Across time and history, human beings have striven to understand and shape the world around us so that we might improve the quality of our lives: advancements in medicine for more years, specialized homes and furniture for safety and comfort, vehicles for taking the load from our feet and backs and granting us faster travel than we could ever hope for with our own bodies. Over the millions of years of our existence we have crafted tools to help us realize these visions and aid us in the development of technology. Indeed, tools themselves are a manifestation of these visions – technologies specifically designed to carry out functions we would otherwise be incapable of. In the grand scheme of things, every tool has played some role in making a new process possible. Yet, of all such devices past or present, only the lathe is known as a mother of tools.
Lathes are machining tools that rotate material around an axis so that other tools may cut it into a desired shape. The oldest known use of the lathe dates to the thirteenth century BC, in which ancient Egyptians woodworkers are believed to have developed some of the first versions of its kind. With a length of strap wrapped around a spindle, one operator pulled each end back and forth to create rotary motion while another held a cutting tool to carve the surface away from the spinning material. In time, other civilizations learned to build these early lathes, and over the next few centuries the Syrians, Greeks, and Romans adopted the technology. The Romans would eventually redesign the lathe so that a single person could operate it. While the bow-driven lathe could operate without a pair, it did so at the cost of accuracy and rotary strength, as it required the operator to split the machine’s function between both hands.
As the Roman Empire fell and gave way to the Middle Ages, the lathe survived, and while it’s hard to determine the exact date, historians believe it to have been modified again in the centuries leading to 1300 AD. This new lathe made use of a pole’s springy action along with a foot pedal to pull the spindle cord. With this new advancement, a single turner could operate the device without the loss of accuracy inherent to its predecessor.
Some of the earliest illustrations of this evolution, the pole-lathe, date to around 1300 and depict women turning materials on the stained-glass windows of the Chartres Cathedral in France. While these represent some of the earliest images of the pole-lathe, there is speculation that they were around as early as the Viking age. While there is no hard evidence of its existence in Viking culture, archeological finds reveal plenty of Scandinavian wood products from the era that bear the signs of turning, as well material cores left over as waste. This, coupled with findings of other advanced tools, such as rasps, augers, and saws, make a case for its existence within Viking culture – centuries before the earliest discovered depictions in art.
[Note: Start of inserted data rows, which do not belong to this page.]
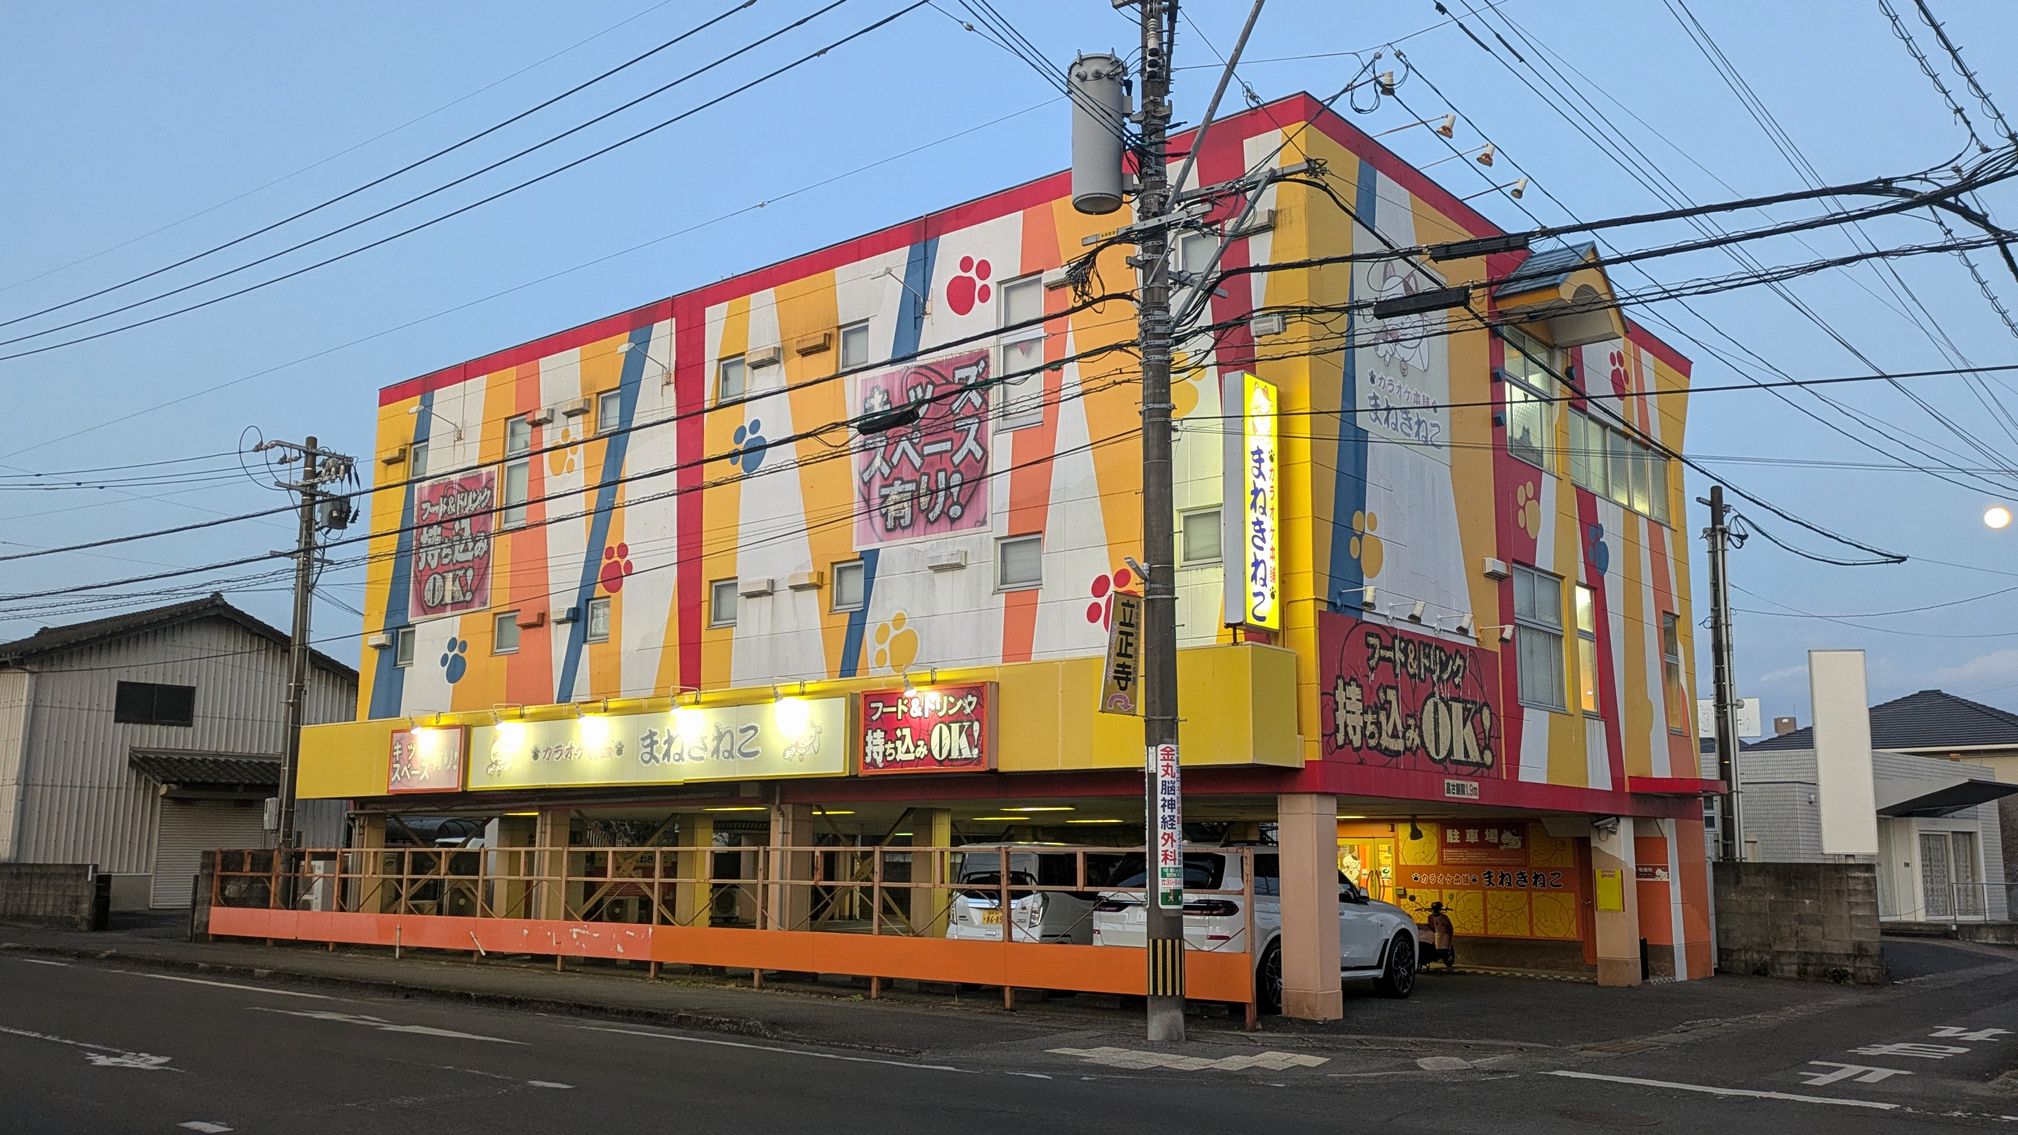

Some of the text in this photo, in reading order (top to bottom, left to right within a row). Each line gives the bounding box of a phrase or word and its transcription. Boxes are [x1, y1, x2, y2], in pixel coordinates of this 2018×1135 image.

[1367, 390, 1442, 449] まねきねこ
[861, 416, 985, 483] スペース
[878, 469, 965, 531] 有り!
[1250, 445, 1267, 622] まねきねこ
[423, 566, 475, 608] OK!
[1113, 599, 1136, 692] 立正寺
[1365, 632, 1467, 688] フード&ドリンク
[869, 693, 978, 721] フード&ドリンク
[391, 761, 429, 783] スペース
[1160, 746, 1176, 866] 金丸脳神経外科
[1446, 829, 1499, 844] 駐車場
[1481, 870, 1564, 888] まねきねこ
The lathe continued to see small improvements in the centuries following, with one significant overhaul – horse powered machining, during The Revolutionary War. However, all sorts of technologies were taking their first steps in a coming-of-age journey as the Industrial Revolution approached. From the spinning jenny to steam engines, the world was seeing rapid technological growth at a pace unrivaled to that point. One of the people that contributed to this growth was Henry Maudslay. An English locksmith turned ship manufacturer, Maudslay had a knack for inventing machines, and one of his greatest creations was a re-imaginging of the traditional lathe. His vision for a sliding rail system improved accuracy and precision by allowing tools to move smoothly along his device, and in 1800, he brought that vision to life. This groundbreaking development allowed him to standardize and mass produce screws, but it wasn’t long before the metal lathe became a mainstay in manufacturing for everything from train and ship parts to tools and hardware. Effective as it was, the metal lathe had still more to give. Engine lathes, metal lathes that ran on steam power, would play a keystone role in industrialization throughout the 1800’s and well into the twentieth century. Today, engine lathes are common in industry setting everywhere, though electric motors have long since replaced steam power.
If we look at the landscape of machining today, there’s a lot of hype surrounding computer numerical control (CNC). This approach to manufacturing involves merging programming technology with traditional machining tools, the result of which is equipment that can operate its own run cycles. With some clever software and the touch of a button, CNC lathes don’t require any turning by human hands at all.
CNC got its start in 1949 when John T. Parsons and Frank L. Stulen collaborated on the development of an efficient and accurate way to manufacture rotor blades for Air Force helicopters. Using punch card numerical control with an IBM 602A, they won the contract and became the progenitors of today’s modern CNC machining process. The next 40 years would see rising popularity and accessibility of numerical control technology. Complimentary inventions like CAD and CAM software would take machining processes further toward full computerization, and CNC became the standard in machining technology by 1990.
Despite advances in technology over millennia, the lathe hasn’t changed all that much. From a simple spindle and strap system powered by a pair of hands to a fully motorized computer-controlled powerhouse of modern industry, the lathe has certainly become easier to use, but its core function remains as it did in the time of the Egyptian Empire over 3000 years go. Still today, the lathe oversees our ability to shape the physical world around us and will continue to do so for a long time to come. As the world keeps turning, so too will the mother of all machine tools, the wonderful lathe.